• PROVIDED RECORDS:
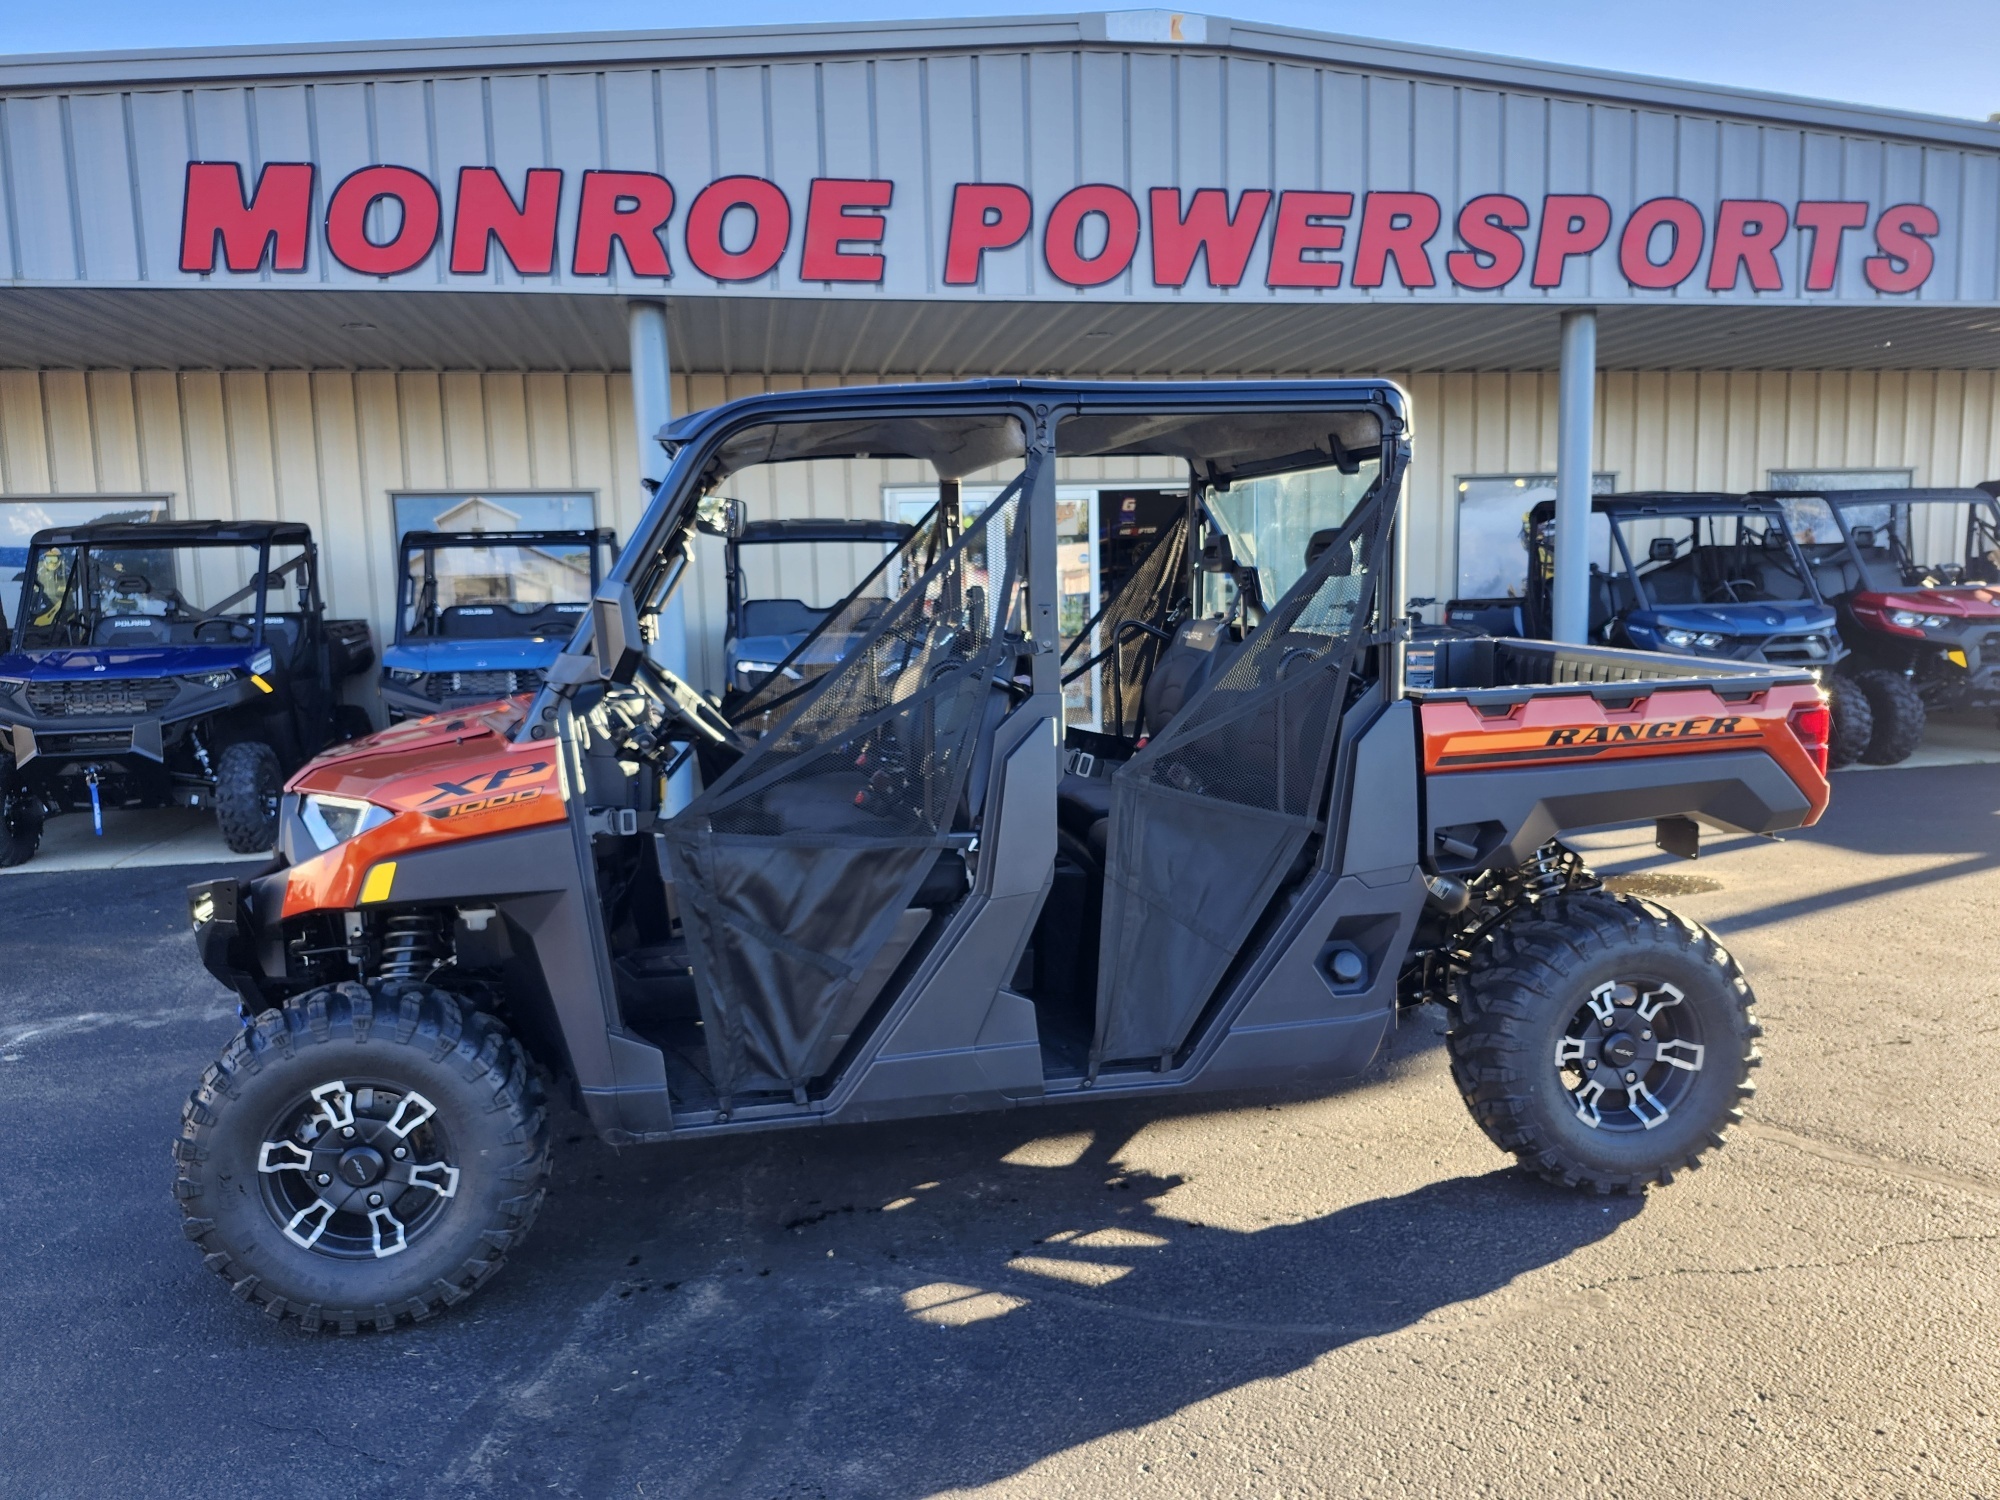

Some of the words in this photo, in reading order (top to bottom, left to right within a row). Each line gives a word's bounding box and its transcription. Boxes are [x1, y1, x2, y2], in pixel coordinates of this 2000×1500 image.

[180, 160, 894, 284] MONROE
[943, 182, 1940, 295] POWERSPORTS
[114, 619, 152, 628] POLARIS
[248, 616, 285, 625] PARIS
[50, 691, 144, 703] POLARIS
[1545, 716, 1744, 747] RANGER
[416, 761, 550, 806] XP
[448, 785, 545, 818] 1000

• DESCRIPTION OF THE TASK: What you produce should repeat the data word for word while omitting all images.

• PROBLEM SOLUTION:
Some of the words in this photo, in reading order (top to bottom, left to right within a row). Each line gives a word's bounding box and its transcription. Boxes are [x1, y1, x2, y2], in pixel coordinates of this 2000×1500 image.

[180, 160, 894, 284] MONROE
[943, 182, 1940, 295] POWERSPORTS
[114, 619, 152, 628] POLARIS
[248, 616, 285, 625] PARIS
[50, 691, 144, 703] POLARIS
[1545, 716, 1744, 747] RANGER
[416, 761, 550, 806] XP
[448, 785, 545, 818] 1000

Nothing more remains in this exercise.